» Your goal
Without including any pictures, return the records below exactly as written.

=== Raw data ===

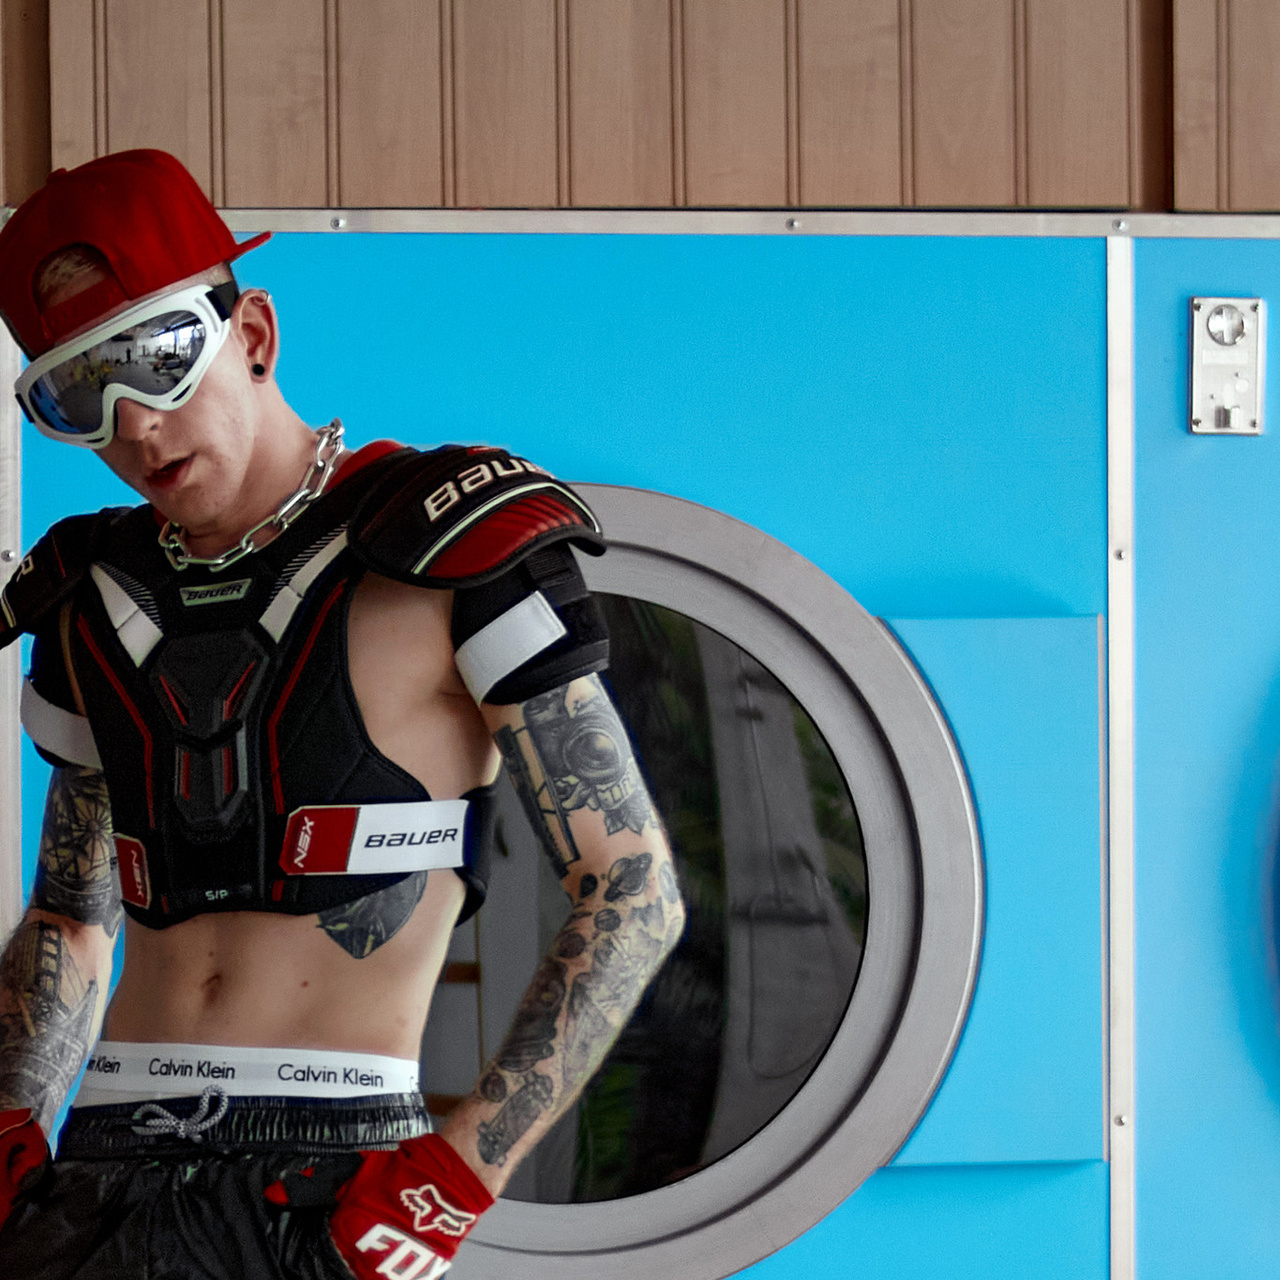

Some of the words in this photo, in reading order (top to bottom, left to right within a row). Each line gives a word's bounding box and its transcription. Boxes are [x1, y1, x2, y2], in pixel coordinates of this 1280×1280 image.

[363, 828, 459, 849] BAUER
[148, 1058, 193, 1077] Calvin
[196, 1060, 236, 1080] Klein
[277, 1063, 338, 1084] Calvin
[342, 1067, 384, 1088] Klein

===

» Task output
Some of the words in this photo, in reading order (top to bottom, left to right within a row). Each line gives a word's bounding box and its transcription. Boxes are [x1, y1, x2, y2], in pixel coordinates of this 1280×1280 image.

[363, 828, 459, 849] BAUER
[148, 1058, 193, 1077] Calvin
[196, 1060, 236, 1080] Klein
[277, 1063, 338, 1084] Calvin
[342, 1067, 384, 1088] Klein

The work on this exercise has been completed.